In its 12th acquisition in three years, @WalmartLabs brings on board Adchemy to augment search, data analytics and marketing.

@WalmartLabs, the e-commerce research arm of Wal-Mart Stores Inc., says it’s not a retailer based in Silicon Valley but rather an Internet company inside the world’s largest retailer. It added to its Internet expertise today as Wal-Mart announced today the acquisition of Adchemy, a product search firm. It is the 12th technology acquisition for Wal-Mart in the three years since it launched @WalmartLabs—and the second in 2014.

Established in 2004, Adchemy focused on product search and lead generation.
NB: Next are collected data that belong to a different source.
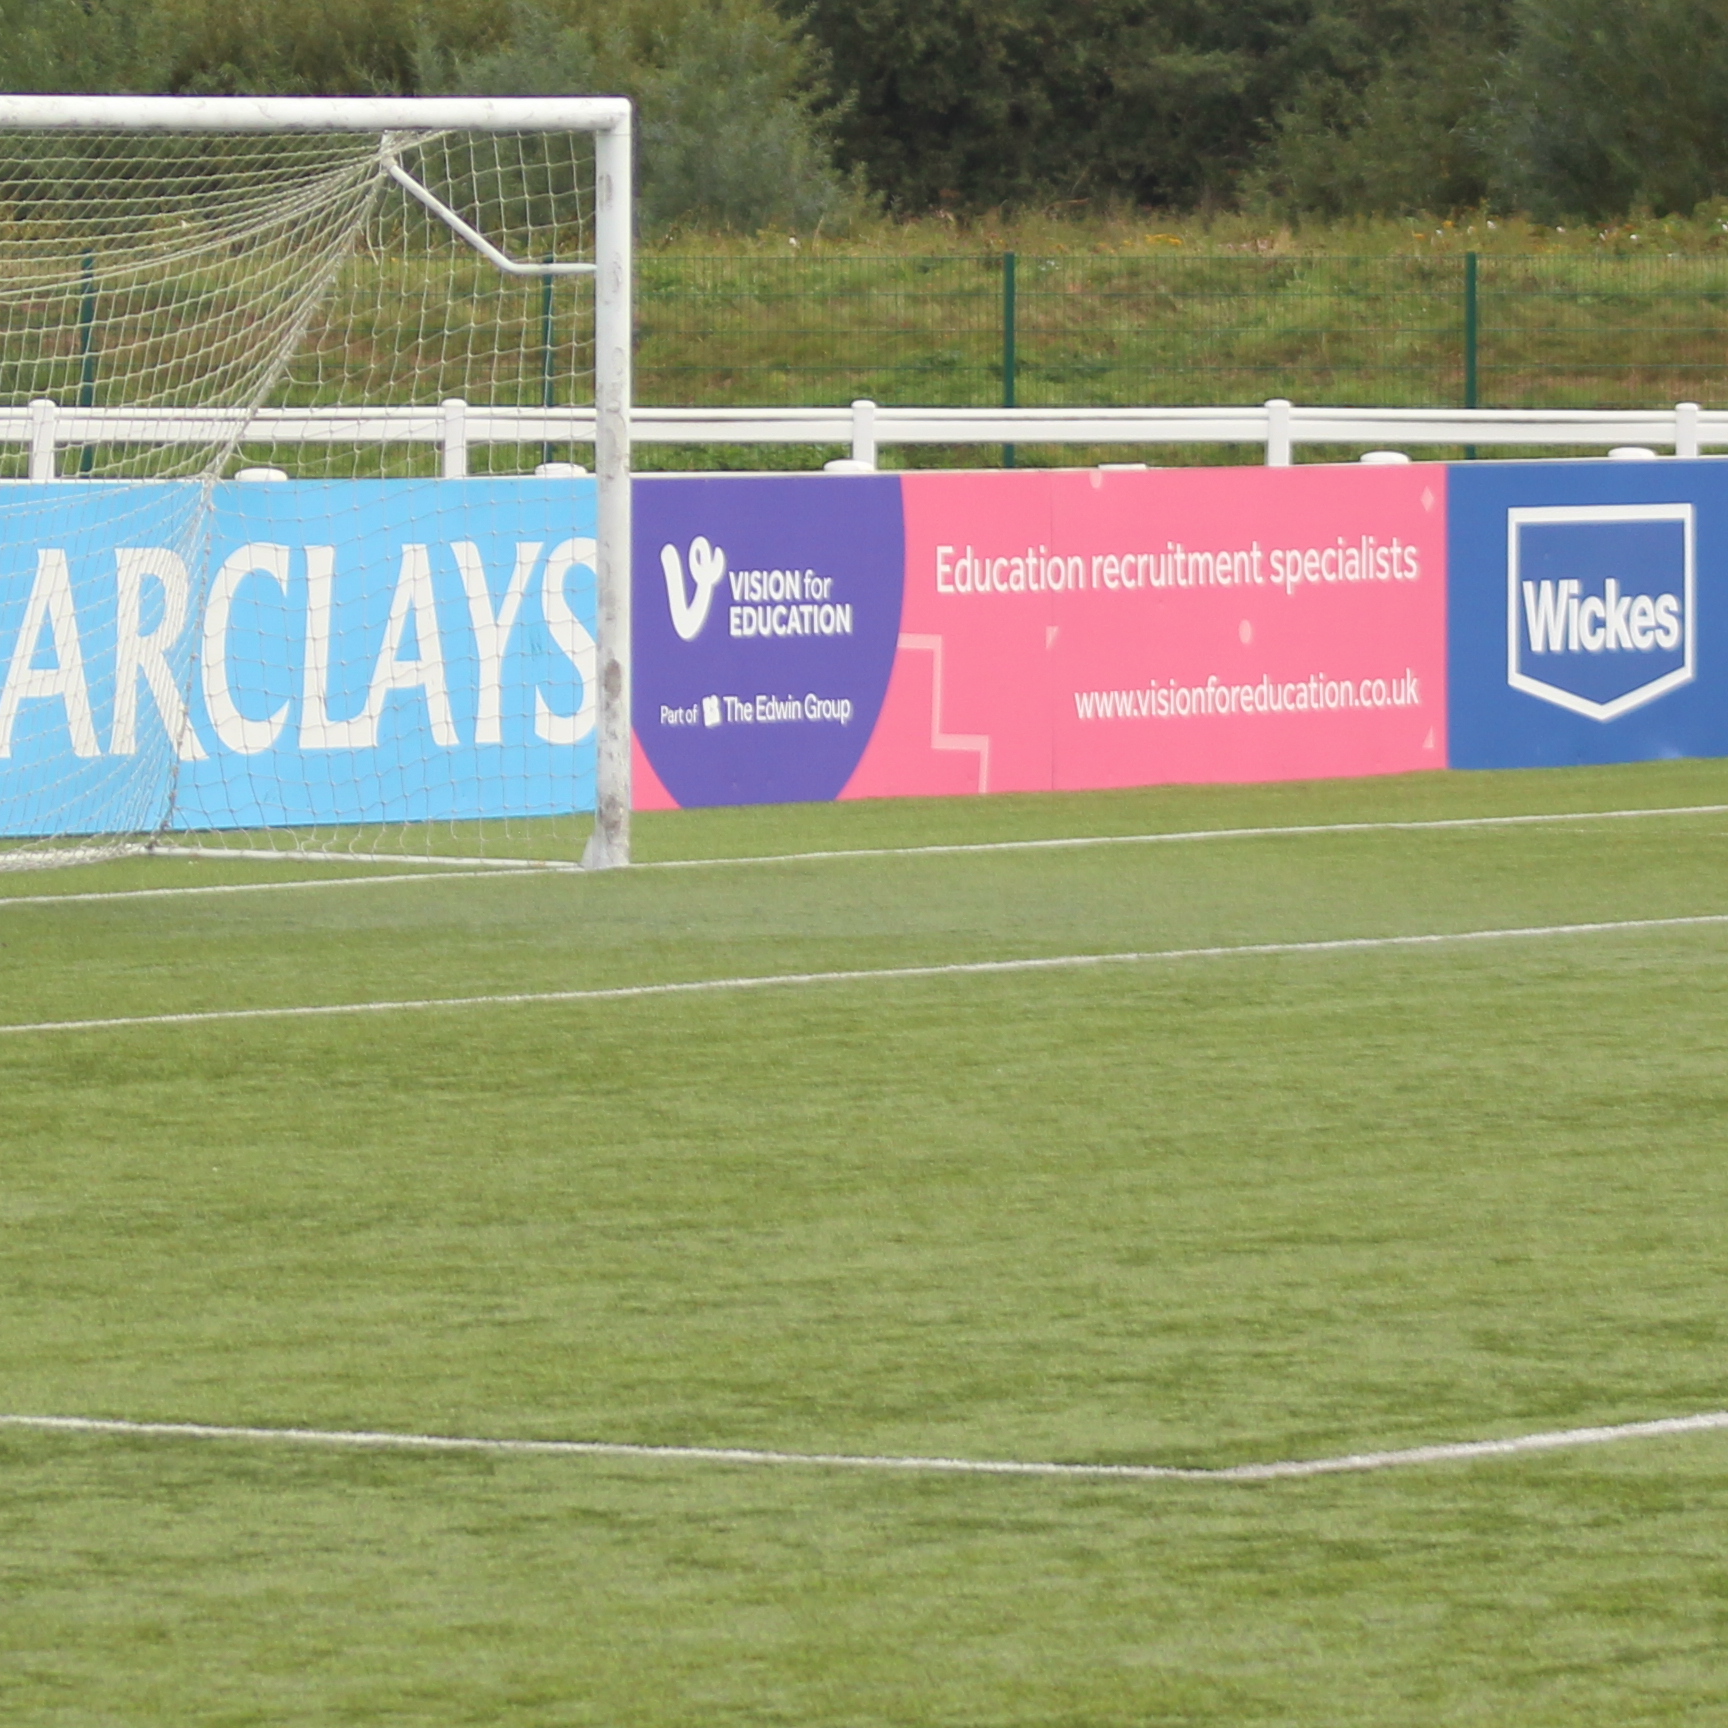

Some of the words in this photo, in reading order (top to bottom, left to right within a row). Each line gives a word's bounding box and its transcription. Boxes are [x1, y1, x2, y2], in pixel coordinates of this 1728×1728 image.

[728, 569, 800, 601] VISION
[803, 568, 832, 599] for
[936, 545, 1084, 593] Education
[1091, 541, 1264, 588] recruitment
[1269, 535, 1419, 595] specialists
[729, 603, 851, 636] EDUCATION
[1523, 577, 1682, 653] Wickes
[660, 705, 683, 724] Part
[685, 704, 698, 723] of
[723, 696, 753, 722] The
[756, 694, 801, 720] Edwin
[804, 692, 851, 726] Group
[1074, 668, 1420, 720] www.visionforeducation.co.uk
Before the acquisition, Adchemy had been working to perfect algorithmic search, basically, engineering a product search so that it responded to context rather than by matching keywords. For example, a consumer searching for a lightweight laptop might see results for laptops under 4 pounds rather than laptops with the word lightweight in the description, the company says. Adchemy sold in 2013 its lead generation business for an undisclosed amount.
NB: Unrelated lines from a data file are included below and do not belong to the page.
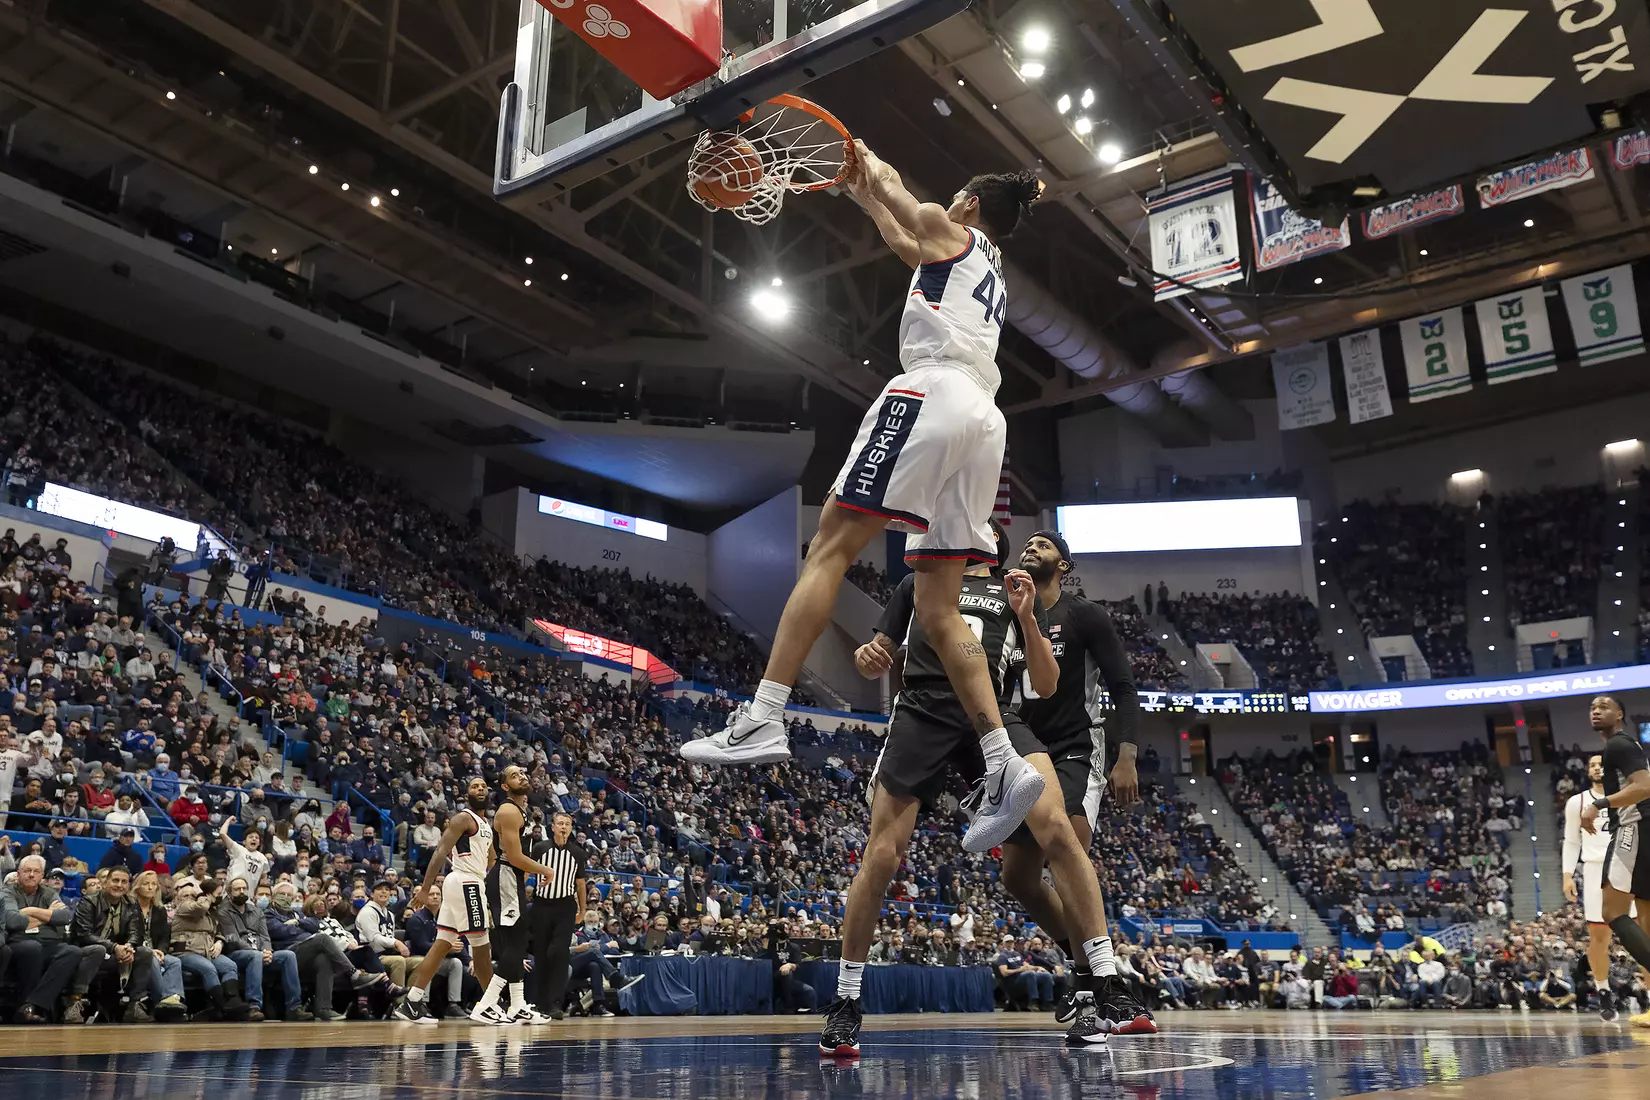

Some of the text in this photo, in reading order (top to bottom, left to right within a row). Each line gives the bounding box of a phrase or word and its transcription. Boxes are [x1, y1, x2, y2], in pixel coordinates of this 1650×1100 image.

[1572, 25, 1635, 84] XL
[1166, 218, 1224, 269] 12
[1590, 301, 1618, 338] 9
[1502, 320, 1531, 355] 5
[1425, 342, 1449, 377] 2
[856, 401, 908, 496] HUSKIES
[602, 549, 621, 562] 207
[234, 561, 249, 575] 10
[1063, 576, 1081, 587] 232
[1216, 578, 1237, 589] 233
[470, 629, 486, 642] 105
[1317, 690, 1403, 710] VOYAGER
[1445, 684, 1524, 701] CRYPTO
[1527, 680, 1567, 694] FOR
[247, 861, 258, 875] 30
[467, 886, 482, 928] HUSKIES
“This latest acquisition continues our quest to build best-in-class e-commerce capabilities in-house,” @WalmartLabs writes in a blog post. “We have been hiring highly-talented teams organically and are augmenting that by acquiring talent to build our own technologies that can scale with our global business.”

Wal-Mart did not release the terms of the sale, but it says it’s one of the biggest in terms of adding employees to @WalmartLabs, based in San Bruno, CA. Sixty Adchemy employees will join @WalmartLabs, bringing the total number of employees to over 2,100. Among the new additions are Rohit Deep, vice president of engineering; Ethan Batraski, vice president of products and former head of search innovation at Yahoo; and Esteban Arcuate, head of research and another former Yahoo staffer.

Wal-Mart’s purchase of Adchemy follows its acquisition of recipe discovery and meal-planning service Yumprint earlier this year. Wal-Mart bought in 2013 four technology companies, including web acceleration firm Torbit and predictive analytics firm Inkiru.